But this is perhaps too cynical. There is a generally disruptive edge to Brooker's point of view. What he calls attention to is not the worst of television (although the egregiously bad usually does make an appearance) but the sheer banality of most of what the medium broadcasts, endless hours of C-list celebrities doing trivial tasks, news presenters waiting around for something to happen, and go-nowhere discussion of minor political scandals. Call it the vast wasteland argument redux: with thousands of hours of television produced every day, most of them are not so much offensive as oppressively meaningless.

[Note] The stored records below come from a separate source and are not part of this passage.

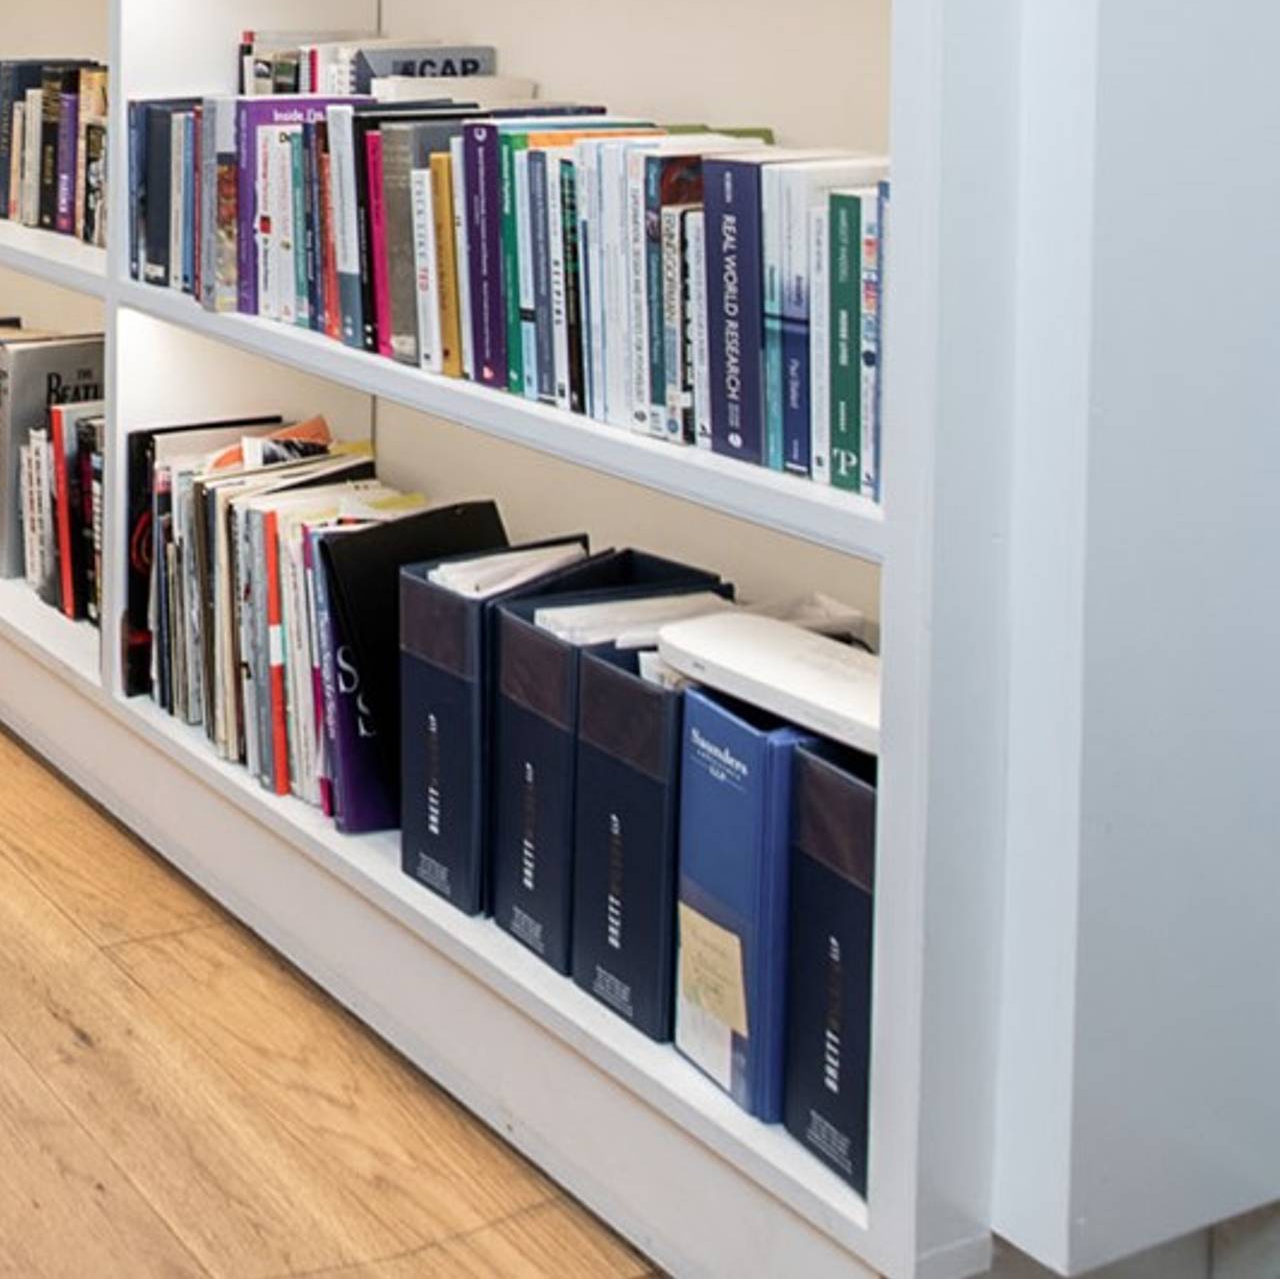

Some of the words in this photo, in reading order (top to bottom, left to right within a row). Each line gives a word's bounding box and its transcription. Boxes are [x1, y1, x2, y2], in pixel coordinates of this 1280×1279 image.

[273, 109, 305, 122] Inside
[722, 214, 740, 253] REAL
[419, 267, 429, 292] TED
[664, 259, 678, 323] GOFFMAN
[723, 255, 740, 315] WORLD
[724, 320, 741, 400] RESEARCH
[428, 714, 437, 733] LLP
[524, 762, 533, 782] LLP
[690, 727, 749, 777] Saunders
[427, 786, 439, 835] BRETT
[610, 813, 619, 834] LLP
[523, 838, 535, 890] BRETT
[607, 895, 621, 949] BRETT
[828, 935, 839, 961] LLP
[825, 1029, 840, 1094] BRETT
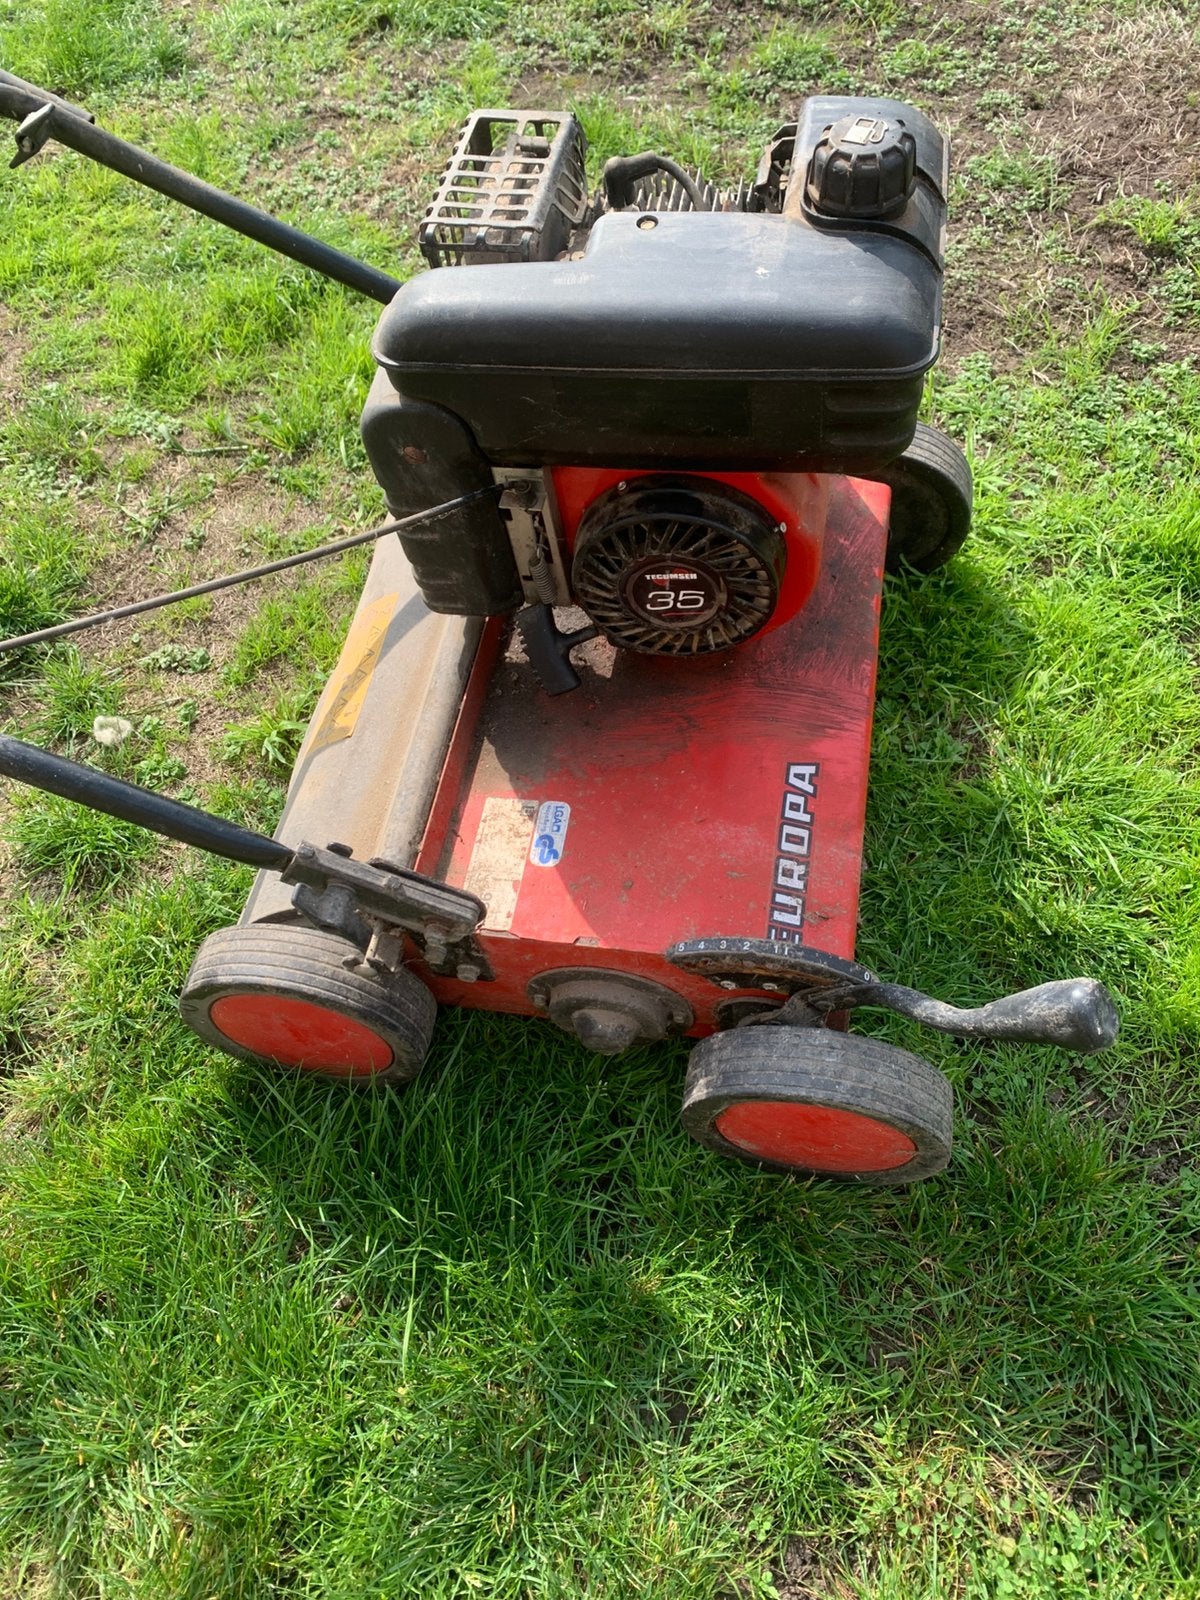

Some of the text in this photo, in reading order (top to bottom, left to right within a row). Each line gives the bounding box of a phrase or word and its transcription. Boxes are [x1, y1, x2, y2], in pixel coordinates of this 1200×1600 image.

[646, 590, 705, 610] 35
[678, 942, 685, 951] 5
[698, 941, 705, 949] 4
[720, 940, 727, 949] 3
[743, 941, 751, 950] 2
[864, 971, 871, 981] 0
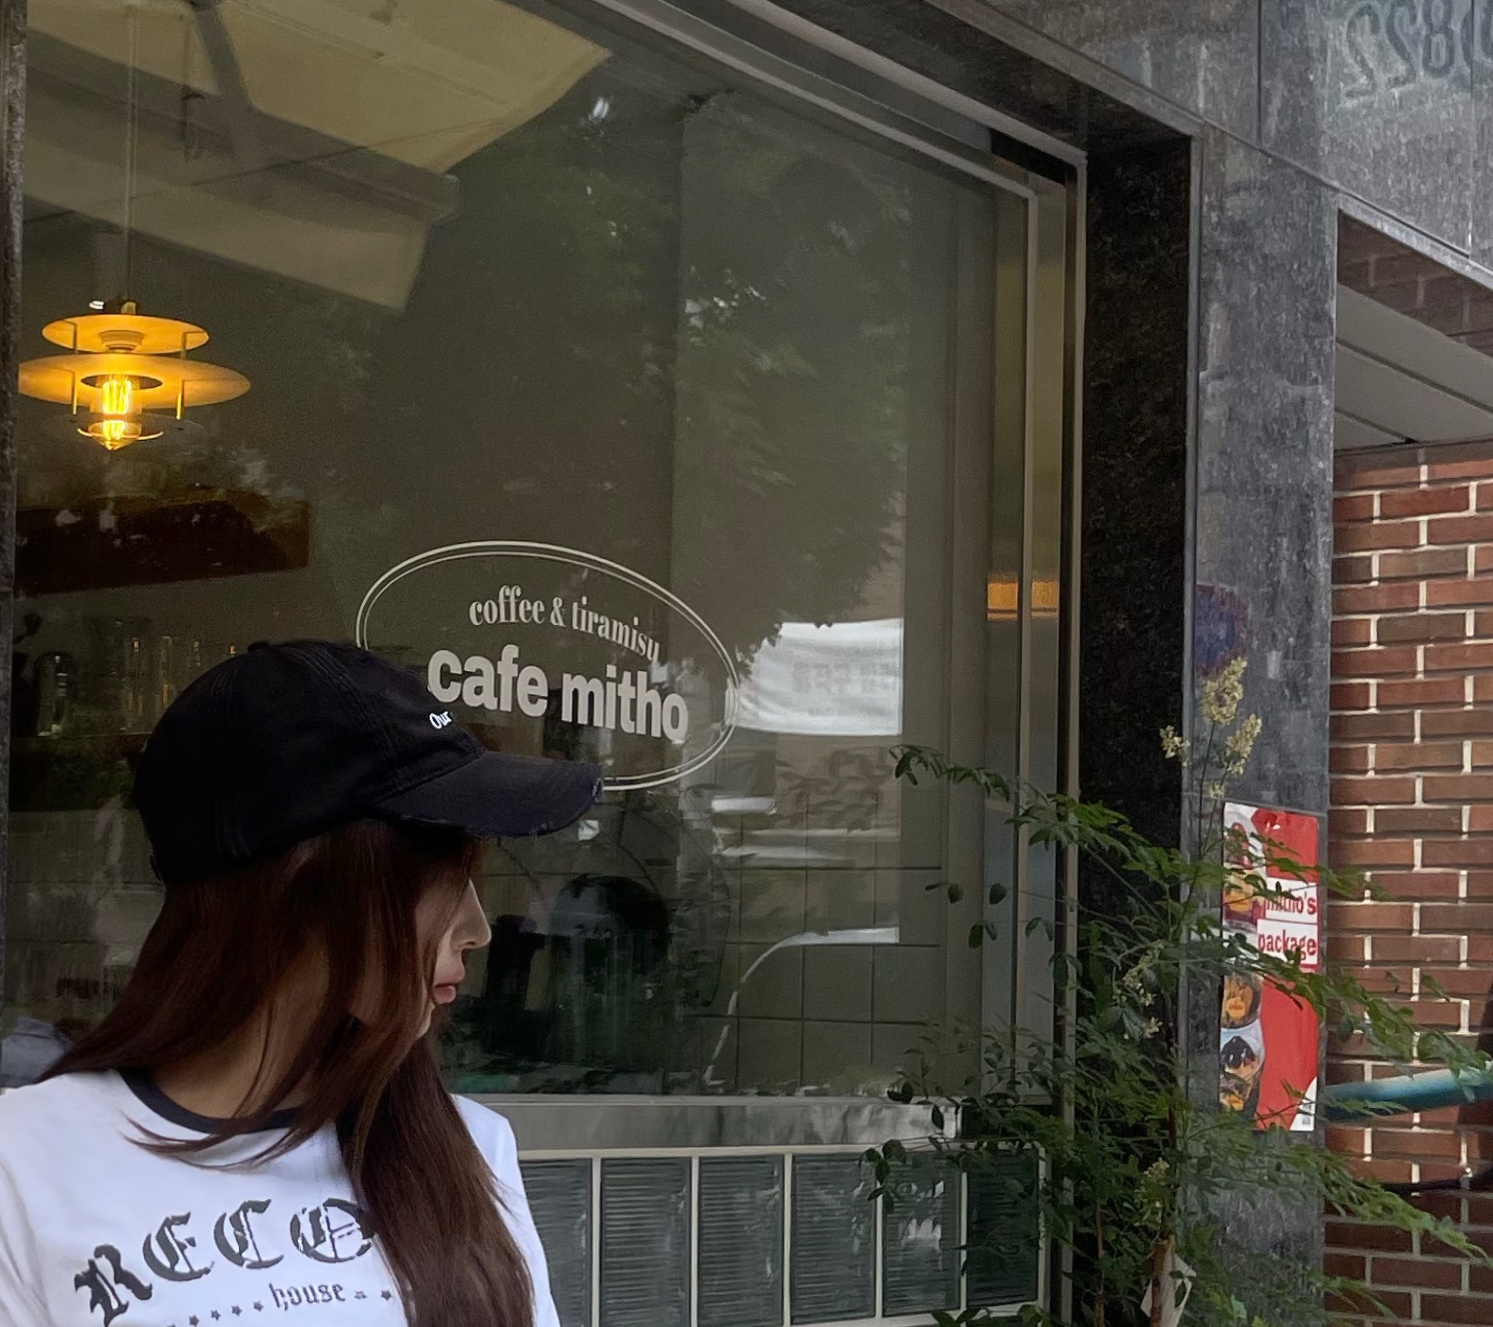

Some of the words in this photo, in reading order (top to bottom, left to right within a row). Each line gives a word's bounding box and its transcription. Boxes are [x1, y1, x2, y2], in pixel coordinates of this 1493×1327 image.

[468, 584, 546, 627] coffee
[550, 597, 566, 628] &
[571, 595, 660, 662] tiramisu
[427, 643, 549, 718] cafe
[561, 663, 689, 744] mitho
[1258, 929, 1317, 960] package
[269, 1281, 346, 1312] house

Brooker makes the unusual decision to start this episode with a barrage of actually significant news stories. He begins with strife in North Africa, about which he can barely manage a joke, then moves on to Iran's space program, followed by a ruckus about a Jimmy Saville caricature appearing on a British kid's show. All of these are quick, twenty-second bits, but already in them there's a kind of trajectory from serious, real-world issues which Brooker's snark-infused, pop-culture-saturated view can barely address, to issues of media representation which are more awkward than anything else. These items are never brought up again in the episode, but their presence suggests the possibility of a different Weekly Wipe, a perhaps more serious show that focused more on what's soberly termed “current affairs”. Maybe something more along the lines of Newswipe. By opening Mali and then immediately jumping into The Tweenies and Lance Armstrong, Brooker almost seems to be engaging in a moment of self-critique: “Sure, we could have a serious discussion about a bloody war that you don't know anything about, but that's not what either of us are here for”. Brooker both gestures towards the higher aims of a program like Newswipe and dismisses them in one motion.

The actual opening bit is an analysis of Lance Armstrong's public “fall from grace” and how it was a media spectacle from beginning to end. Whereas sports media played Armstrong's steroid trials as a tragedy, Brooker pictures it as a comedy, where a man continually denies what everyone knows and then finally makes a tearful confession, expecting all to be surprised. The truth of the matter is that Armstrong has very little to apologize for, especially when most of his opponents in the Tour de France were also doping, but Armstrong plays the whole thing with such awkward self-seriousness that it's hard not to laugh. The clip where he responds to accusations by saying “I'm sorry you can't believe in miracles” is particularly hilarious.

As such Brooker has very little work to do. The attraction of The Weekly Wipe and its predecessors is how they put together these news stories, which one has undoubtedly heard told several different ways through our diffuse but strangely repetitive media, in a way that is both concise and captures the story's inherent ridiculousness. This episode uses the ad clips that try to sell Armstrong's tell-all with Oprah like a pay-per-view boxing match, which would have otherwise been instantly lost to the archives, to reveal how Armstrong's confession was a media-generated spectacle from start to finish. Brooker makes a good crack about Armstrong visibly turning into Tony Blair, but his commentary is really superfluous.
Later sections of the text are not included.